If your NFS environment is one where server systems are frequently unavailable or
non-responsive and you know that all of your client-side applications are designed to
properly handle receiving an I/O error in response to a read() or a write() call, the
“soft” mount option may be a viable means of alleviating some of the frustration and
downtime associated with hung filesystems.
use ServiceGuard to
setup a highly
available NFS server
environment
One of the reoccurring themes throughout this paper is the idea that applications
accessing an NFS filesystem that is mounted with the “hard” option (default) will hang
indefinitely if the server becomes unavailable during their I/O attempt. In the example
on pages 7 through 10, a procedure was outlined showing how a secondary NFS server
can “masquerade” as the real NFS server. This temporary server receives the
retransmitted NFS requests from the clients and returns an ESTALE error because it is not
managing the same filesystems exported by the original server.
While this ESTALE error does allow the hanging client applications to unblock and
continue (or in some cases exit), a more desirable outcome would be if the secondary
NFS server could somehow export the same filesystems as the original server and thereby
take over responsibility for these NFS filesystems while the original server is unavailable.

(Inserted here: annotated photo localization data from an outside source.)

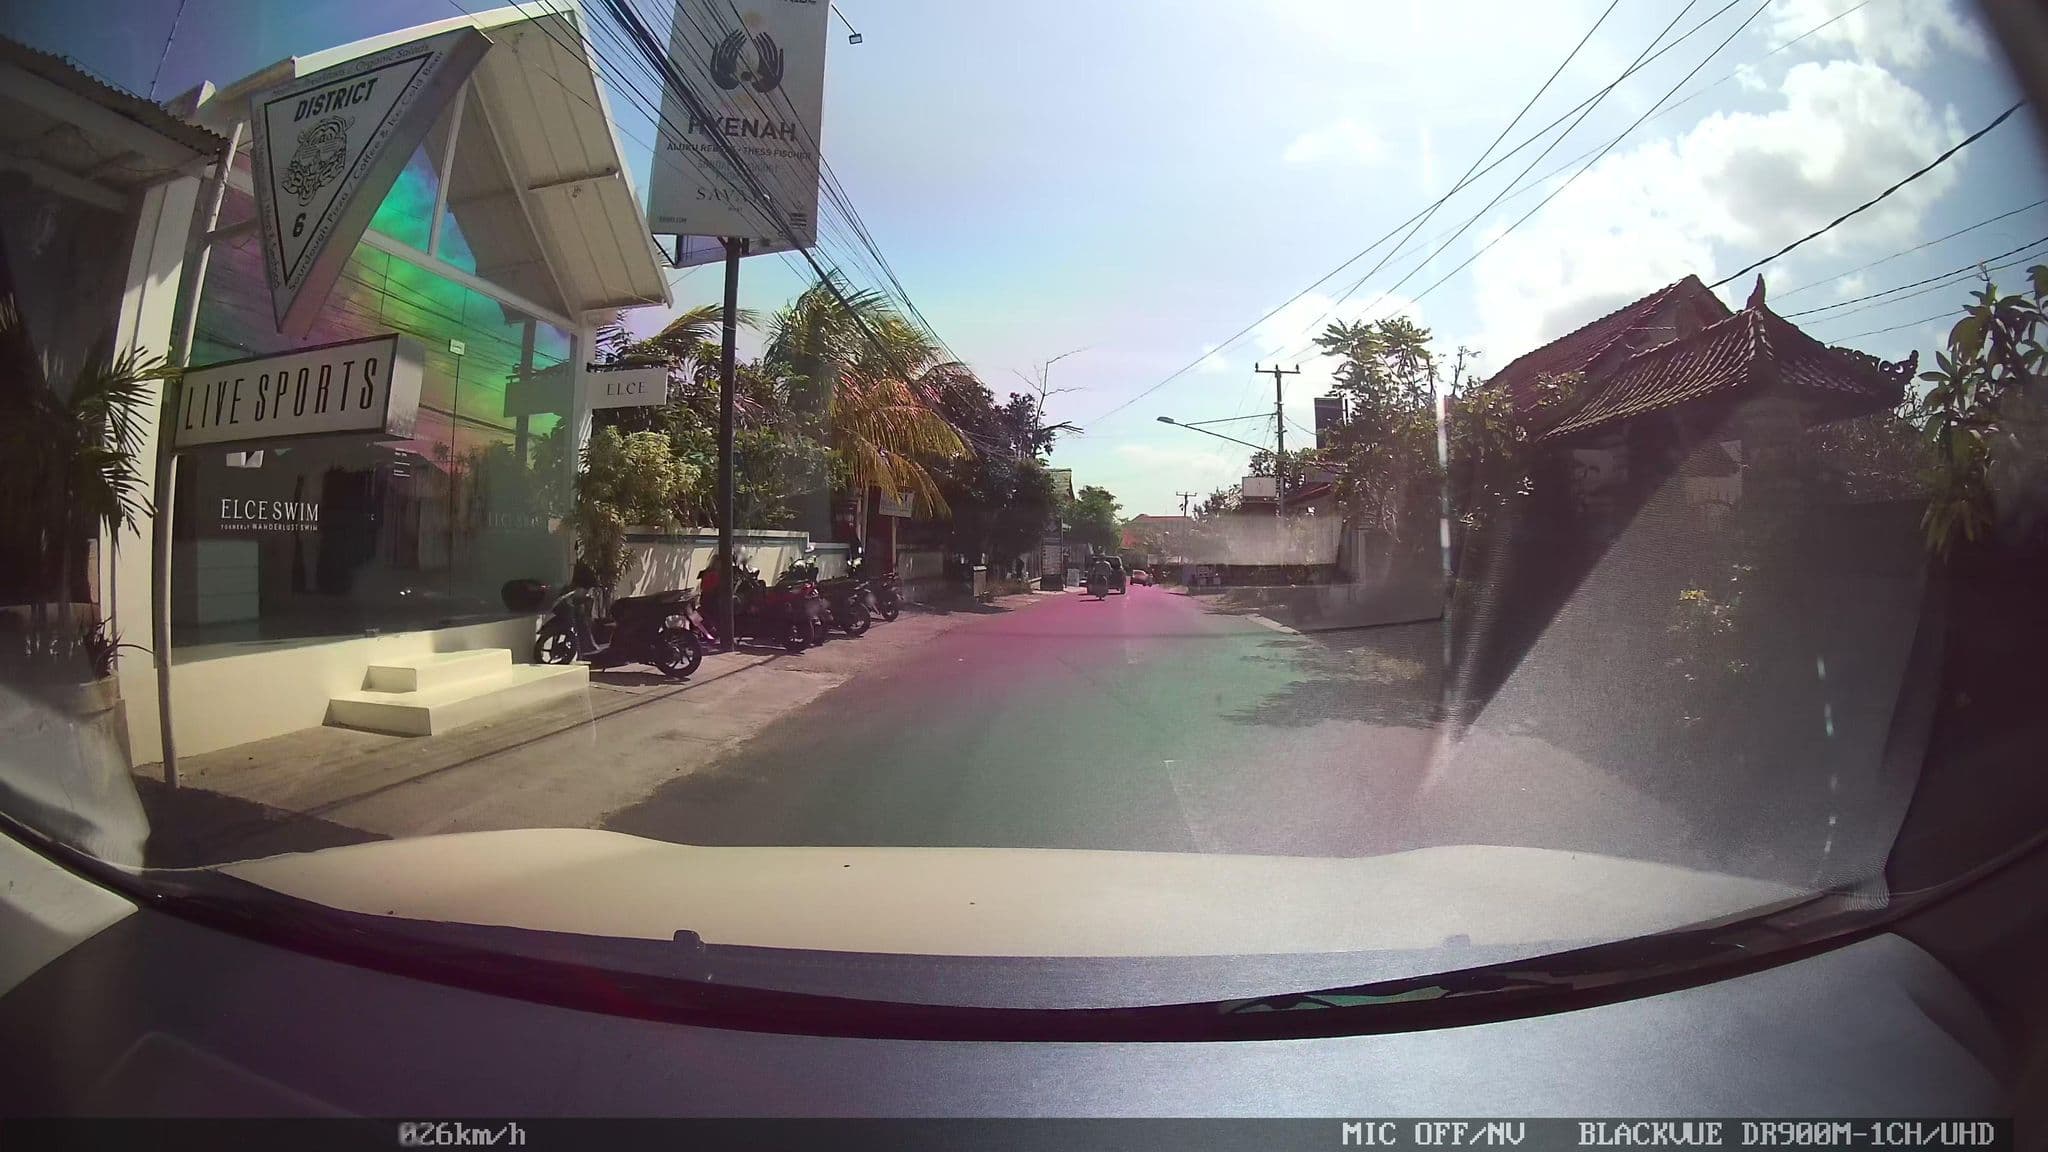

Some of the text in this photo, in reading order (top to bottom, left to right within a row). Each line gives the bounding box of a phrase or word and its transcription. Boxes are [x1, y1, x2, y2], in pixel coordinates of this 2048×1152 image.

[294, 77, 379, 122] DISTRICT
[288, 224, 329, 290] Sourdough
[327, 192, 349, 224] Pizza
[353, 140, 379, 180] Coffee
[292, 212, 307, 238] 6
[185, 357, 378, 430] LIVE SPORTS
[606, 381, 649, 396] ELCE
[220, 499, 319, 522] ELCE SWIM
[252, 523, 298, 532] WANDERLUST
[300, 523, 318, 532] SWIM
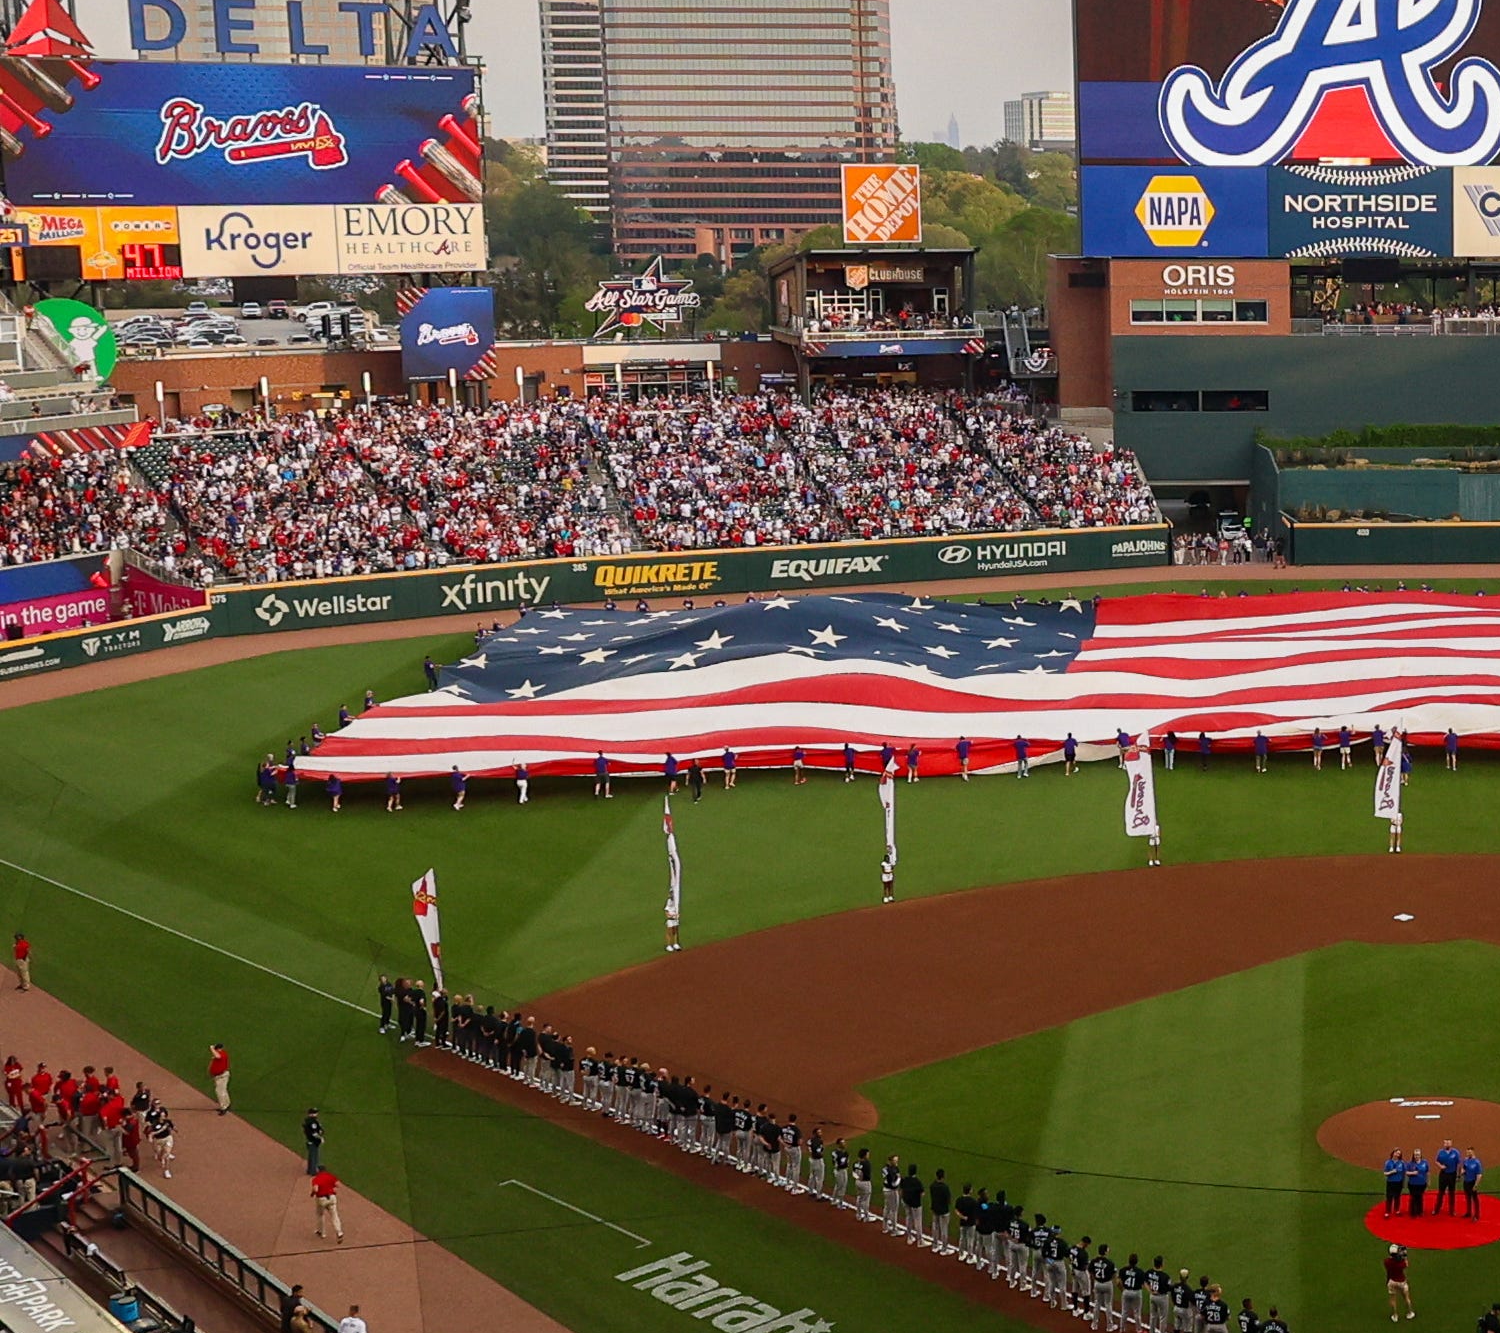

If this were to occur, the client applications would operate normally despite the fact that
their NFS filesystems had migrated between servers, and while they may experience a
temporary interruption while the filesystems actually migrated, they would quickly be able
to seamlessly continue their operations with the new server.
This scenario is available today on HP-UX 11.0 and 11i using HP’s MC/ServiceGuard
product and Highly Available NFS Server component.
MC/ServiceGuard allows you to create high availability clusters of HP 9000 servers. A
high availability computer system allows application services to continue in spite of a
hardware or software failure. Highly available systems protect users from software
failures as well as from failure of a system processing unit (SPU), disk, or local area
network (LAN) component. In the event that one component fails, the redundant
component takes over. Application services (individual HP-UX processes) are grouped
together in packages; in the event of a single service, node, network, or other resource
failure, MC/ServiceGuard can automatically transfer control of the package to another
node within the cluster, allowing services to remain available with minimal interruption.